Michael Robinson assesses how significant Tuesday’s win could be in the wider context of Reading’s season.

Blackburn Rovers v Reading - Sky Bet Championship Photo by Clive Brunskill/Getty Images

At every point in a season you come to a ‘cornerstone’ game - a match that defines the team in that particular season. In successful years it shows not only the team’s skill but also their tenacity and resilience. In poor ones, it’s the game that lays bare the group’s flaws; it might be a humbling defeat to a team that they should beat and instead end up producing a display so insipid that a cup of luke-warm tea would provide more of an attacking threat.

So far this season Reading have produced a string of efficient performances which have been enough to beat the team in front of them. There have been moments of brilliance - Michael Olise’s goal against Barnsley, Yakou Meite’s against Rotherham United - combined with some insipid displays - the first half against Wycombe Wanderers - and as is the way with football, some luck too.

In their efficiency they have shown excellent organisation, defensive stability and a clinical touch in front of goal. Experimental 361 shows just how clinical Reading have been as they lie 12th in their league table based on expected goals (xG), and on Tuesday night the Royals scored four despite an xG of 0.6.

The start to Reading’s season can’t necessarily be explained by data, not completely.

The time that Reading were promoted in 2005/2006, the game that I would consider the ‘cornerstone’ was the 3-2 victory against Crystal Palace in September 2005. It had a lot of similarities to Tuesday’s game against Blackburn: an autumnal evening game, a proper test of early-season promise, having to dig in and find a solution, and that feeling at the end of the game that maybe this team was onto something.

Reading v Crystal Palace Photo by Bryn Lennon/Getty Images

Just like against Crystal Palace, Reading showed against Blackburn a lot of the intangibles of football: togetherness, commitment and passion. They had to be united as a team, something which as football fans we place a huge emphasis on. In previous promotion campaigns, especially those from the Championship, a great deal has been made of the ‘team spirit’ and was clearly expressed in the title of Jon Keen’s book ‘Sum of the Parts’ about the 2005/06 promotion.

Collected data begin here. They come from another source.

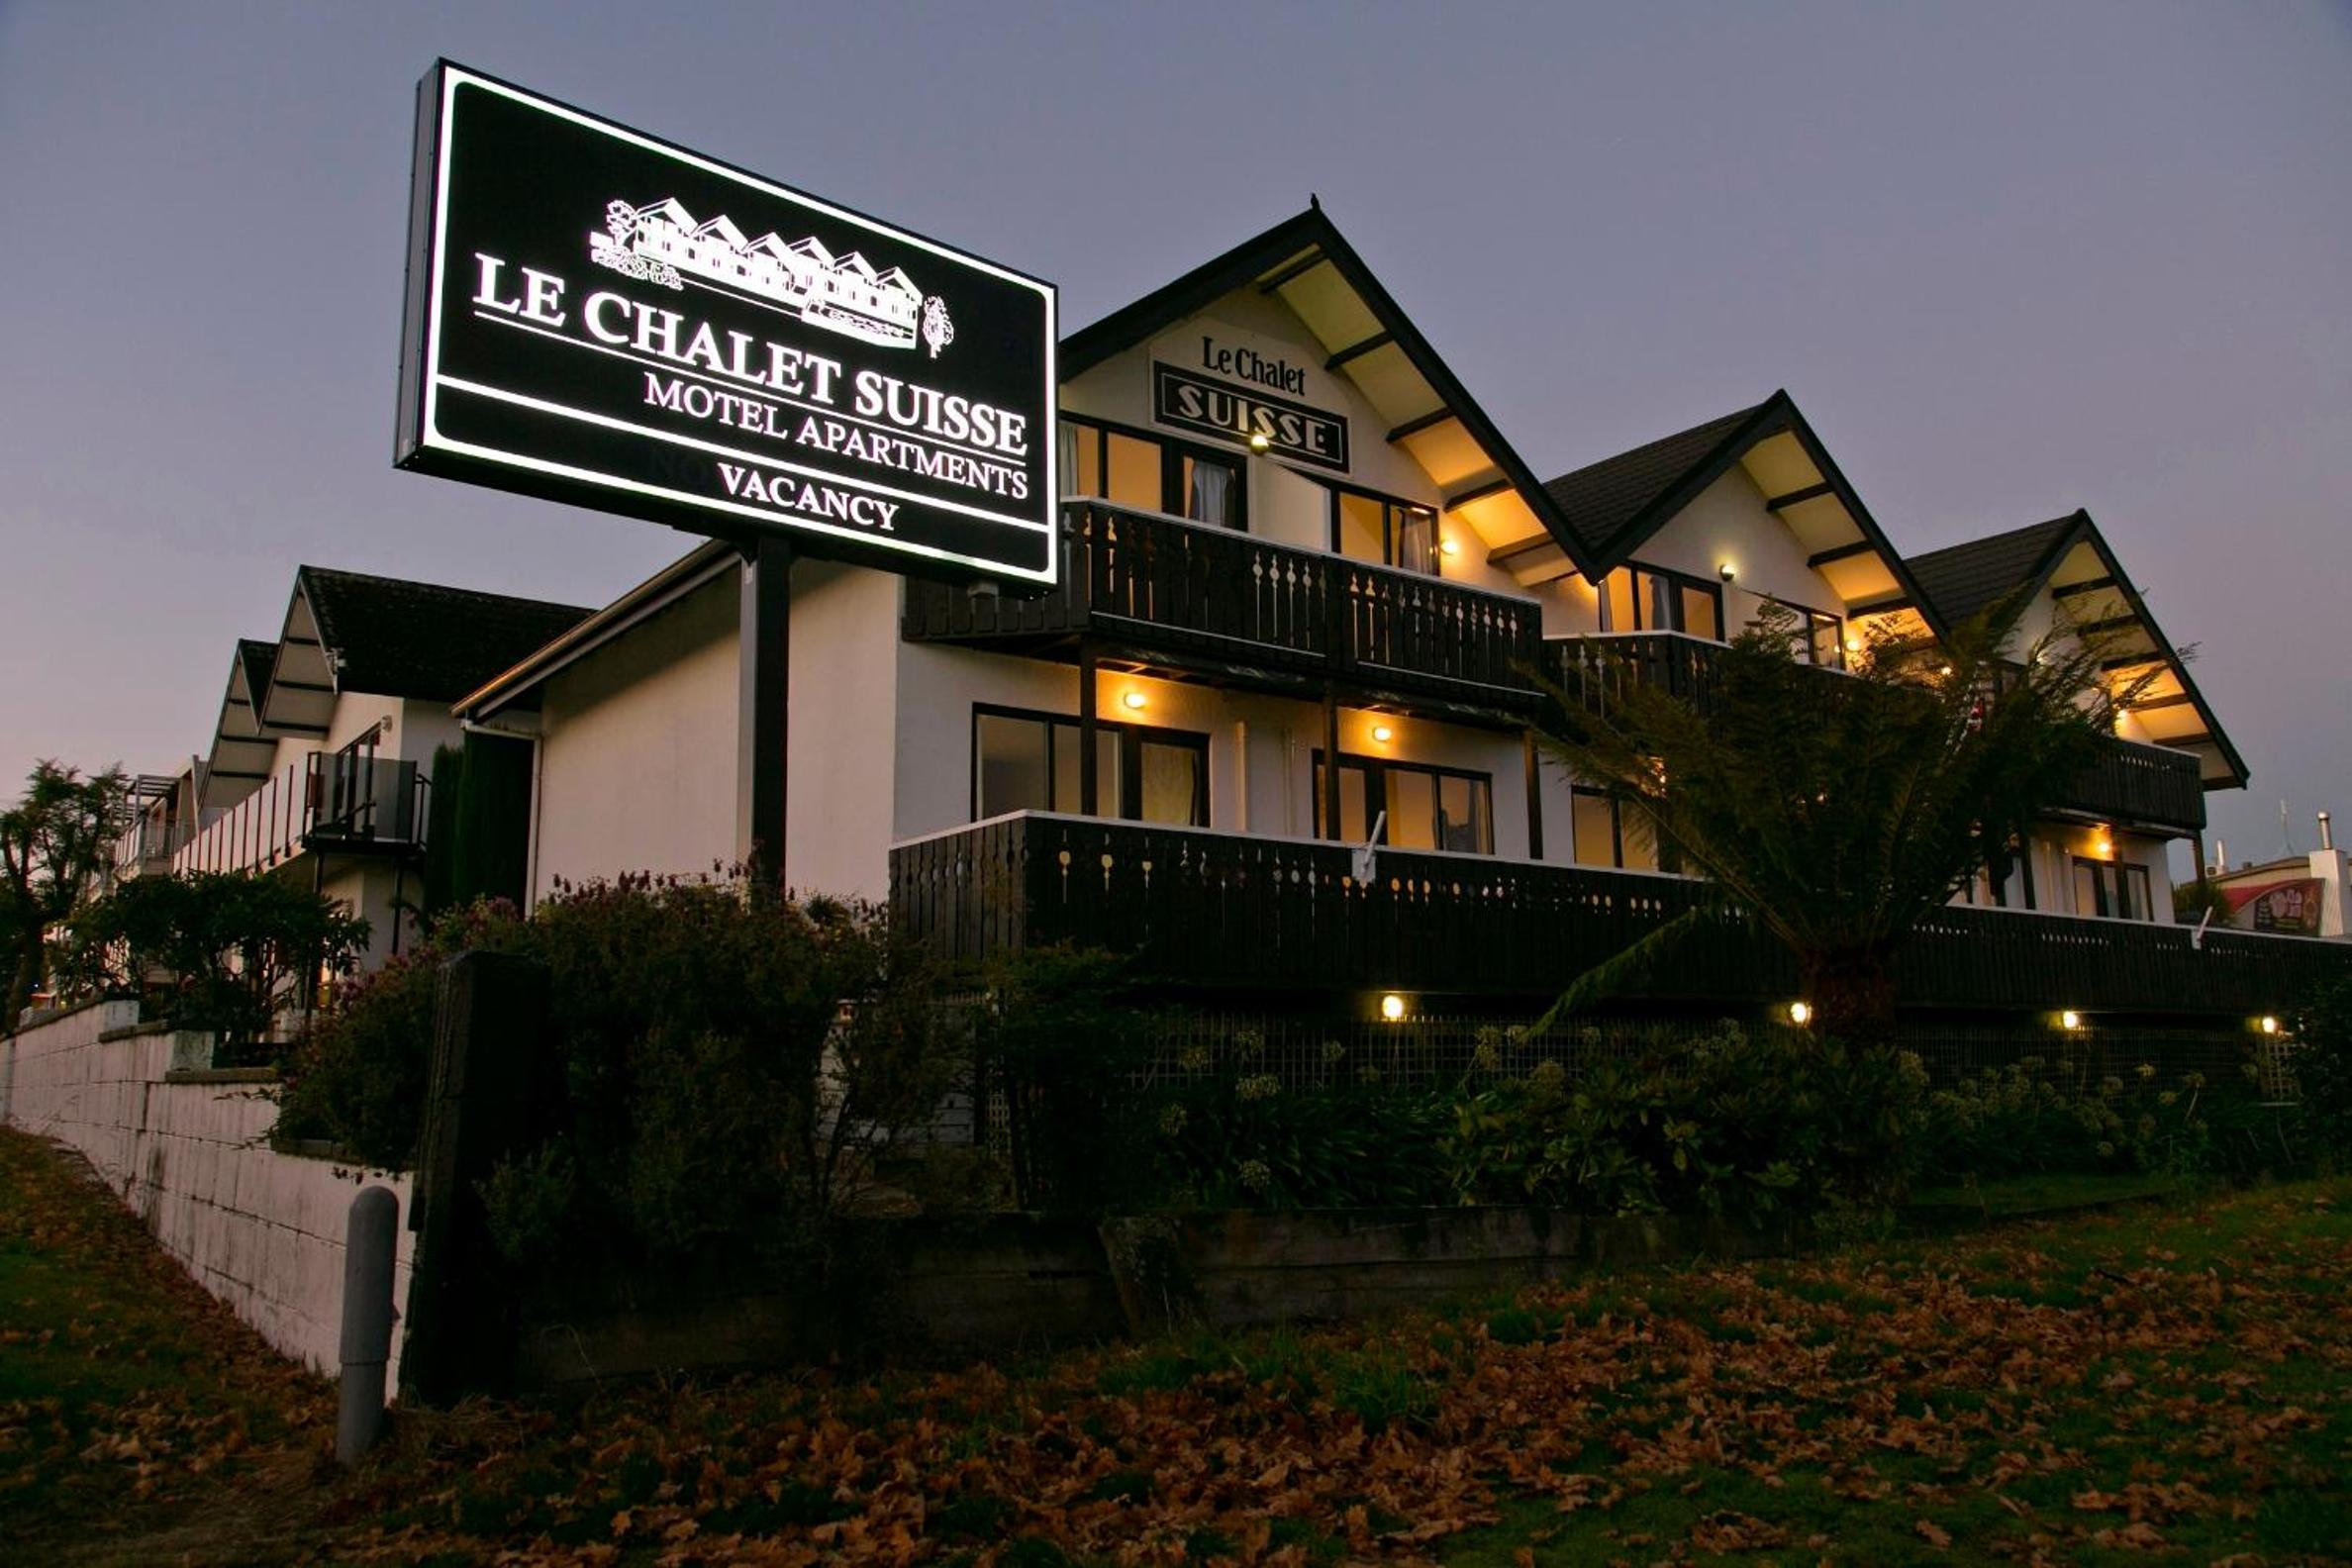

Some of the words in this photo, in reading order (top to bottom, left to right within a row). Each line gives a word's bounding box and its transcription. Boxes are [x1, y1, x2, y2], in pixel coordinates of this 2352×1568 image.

[472, 251, 567, 328] LE
[584, 291, 842, 405] CHALET
[854, 369, 1029, 457] SUISSE
[1202, 336, 1232, 374] Le
[1234, 347, 1306, 396] Chalet
[643, 371, 789, 441] MOTEL
[795, 416, 1029, 500] APARTMENTS
[1177, 384, 1328, 454] SUISSE
[717, 461, 900, 532] VACANCY

The 2011/2012 was different in so many ways to this campaign and 2005/06, and so games around Christmas against West Ham United, Brighton and Hove Albion and Leeds United might be considered the ‘cornerstone’ moments for that side. What they do bear in similarity is the sense of togetherness and unity coming from the club.

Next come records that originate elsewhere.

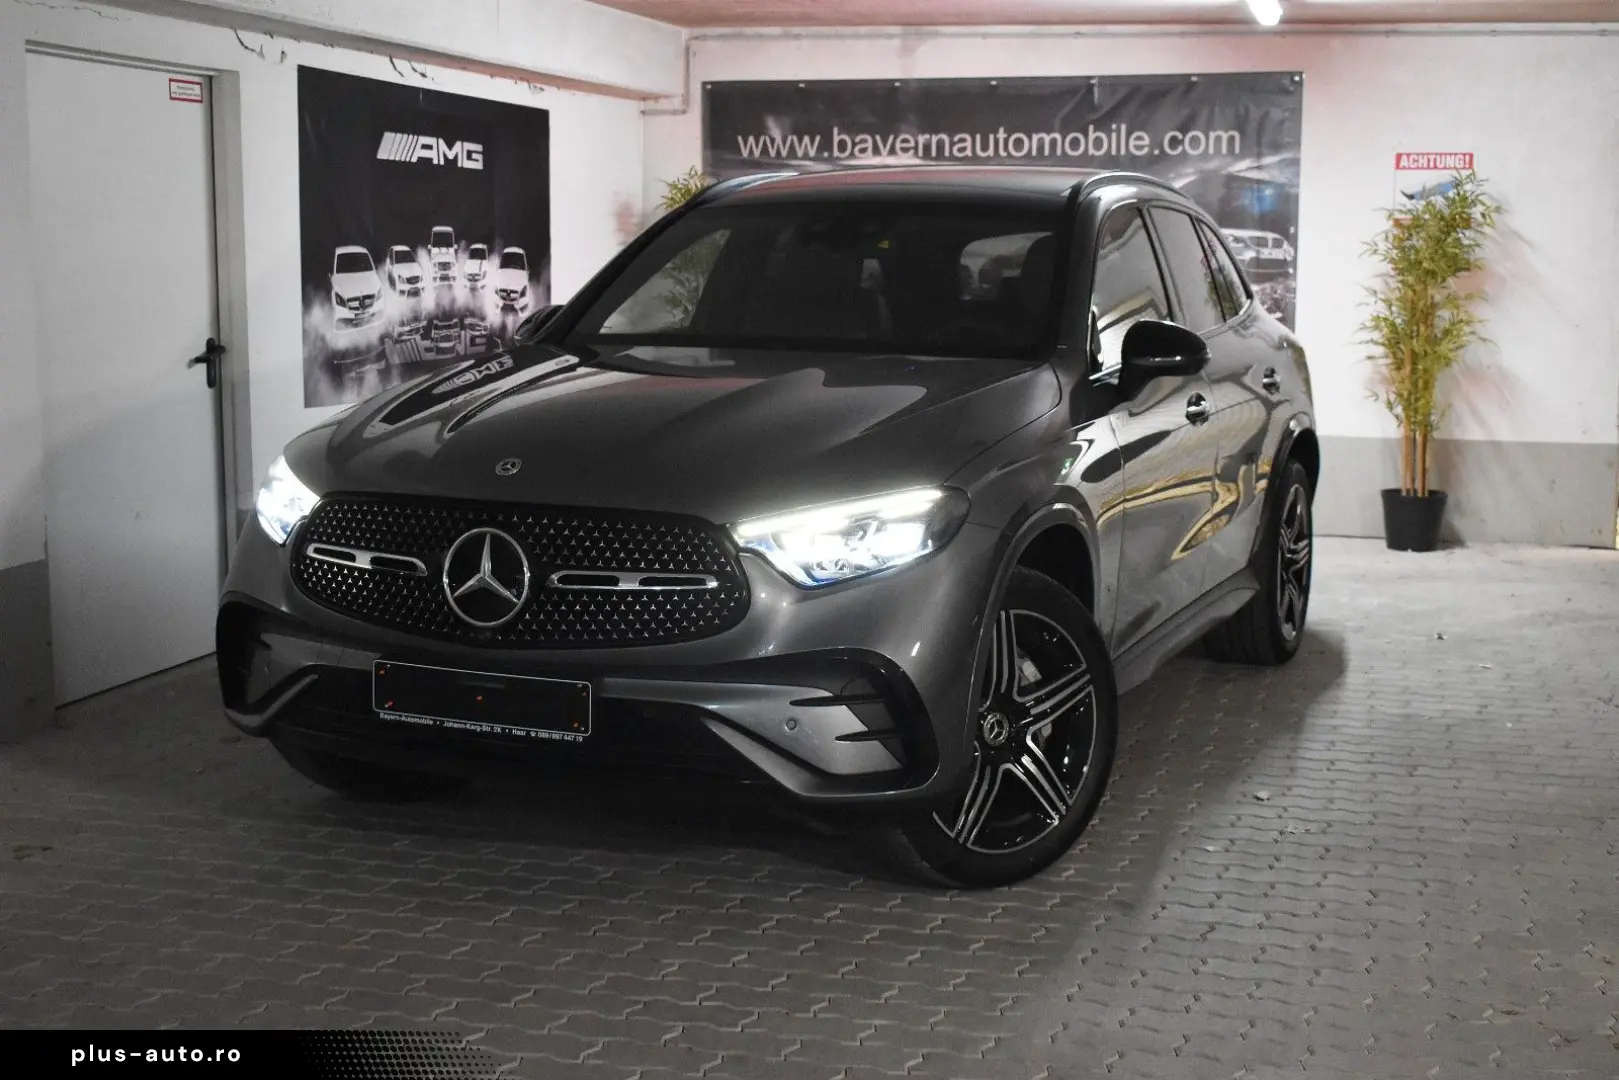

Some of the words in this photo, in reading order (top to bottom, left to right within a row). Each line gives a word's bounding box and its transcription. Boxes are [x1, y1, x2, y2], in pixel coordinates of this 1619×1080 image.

[411, 135, 483, 170] AMG
[1399, 154, 1470, 169] ACHTUNG!
[380, 712, 434, 725] Bayern-Automobile
[443, 720, 492, 732] Johann-Karg-Str.
[512, 728, 527, 736] Haar

If the game against Blackburn does prove to be a ‘cornerstone’ game and eight games in, with a difficult stretch of games on the horizon, there is obviously no guarantee that this will be the game that defines this collective. However, the start to the season has shifted the focus away from the disorganisation off the field and the disillusion of the previous campaign has quickly transformed into optimism for what is to come.

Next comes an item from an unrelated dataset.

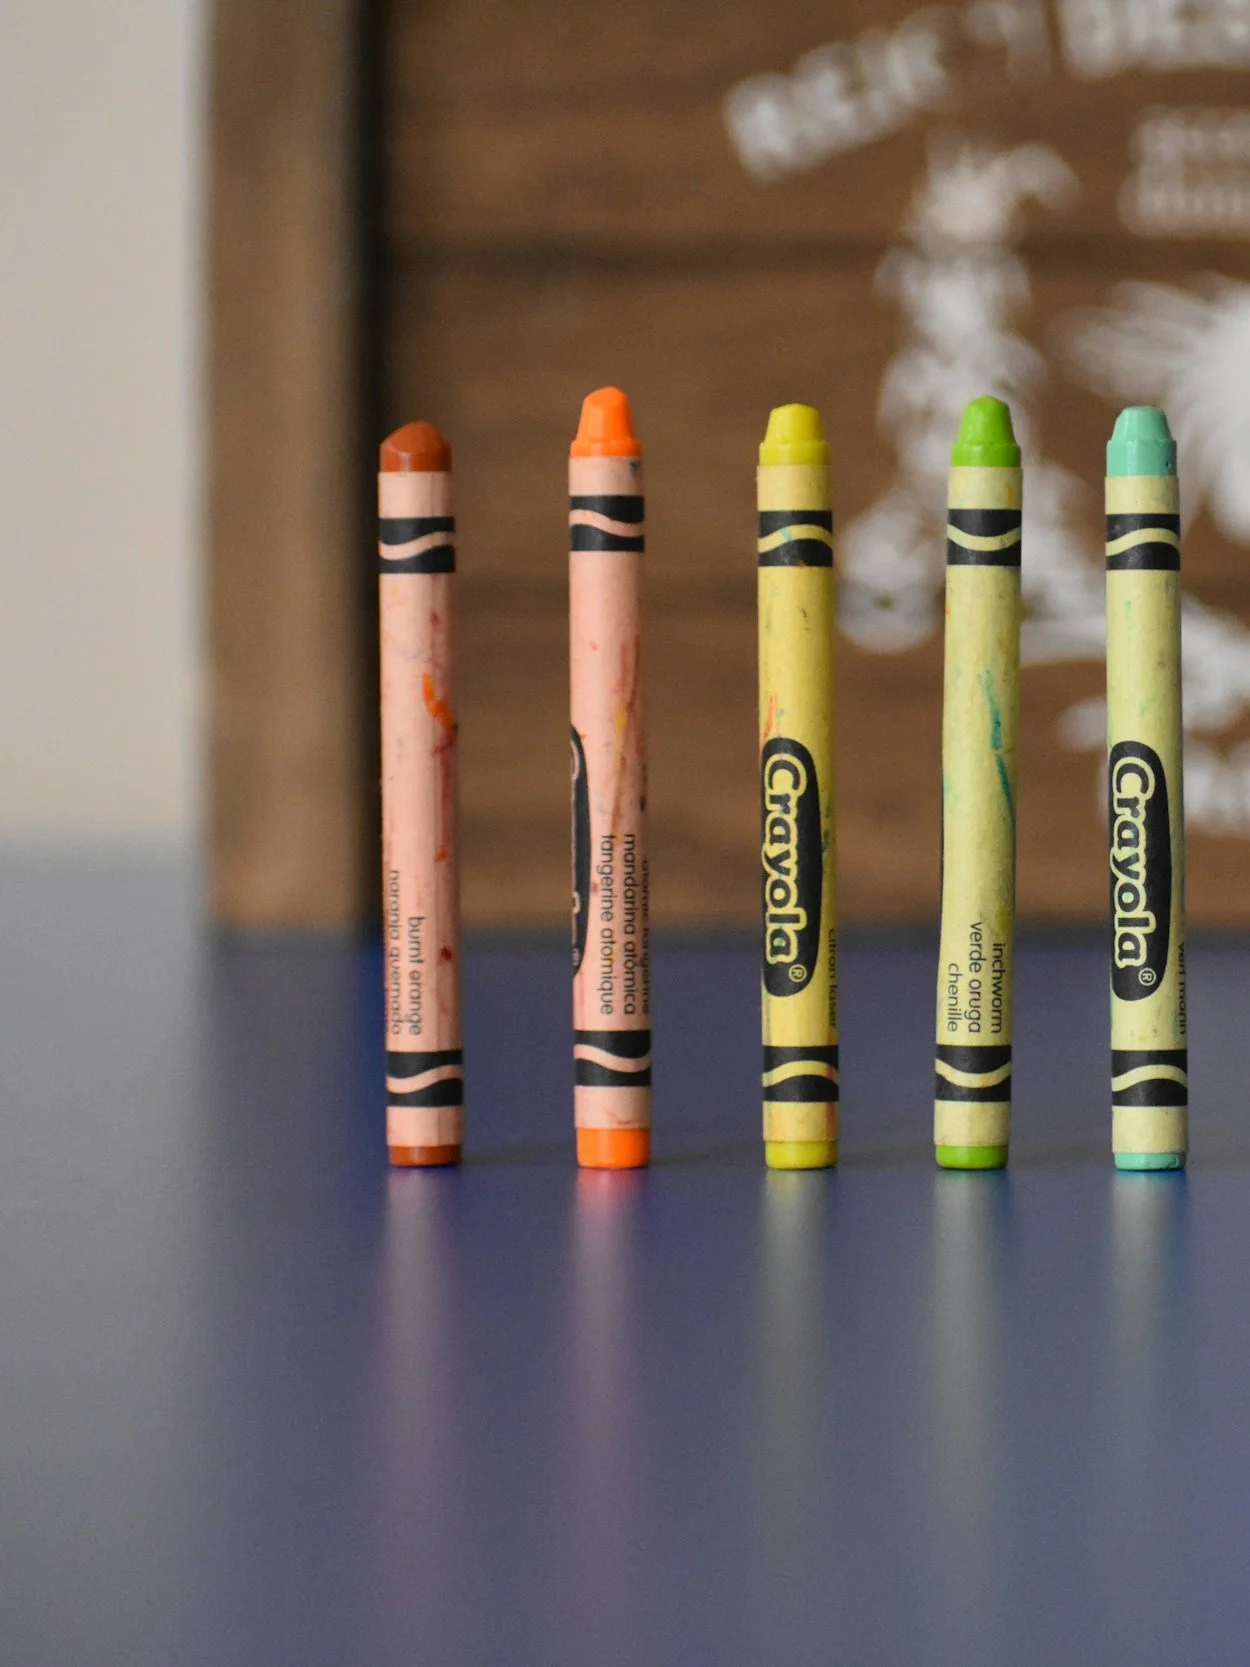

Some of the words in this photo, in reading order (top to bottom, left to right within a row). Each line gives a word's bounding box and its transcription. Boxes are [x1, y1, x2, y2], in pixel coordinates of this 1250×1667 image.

That optimism, at this stage, is embodied by the game against Blackburn. A lot has been made of how quickly Reading have reached 22 points, mainly by comparing this to how slowly we have reached the same number of points in the previous two campaigns. The fact that Reading have reached this point tally so quickly is important, but perhaps the way that they done so is also important.

All points are not created equal though, and the three earned on a wet Tuesday in Lancashire might prove to be some of the most important points Reading have earned for a rather long time.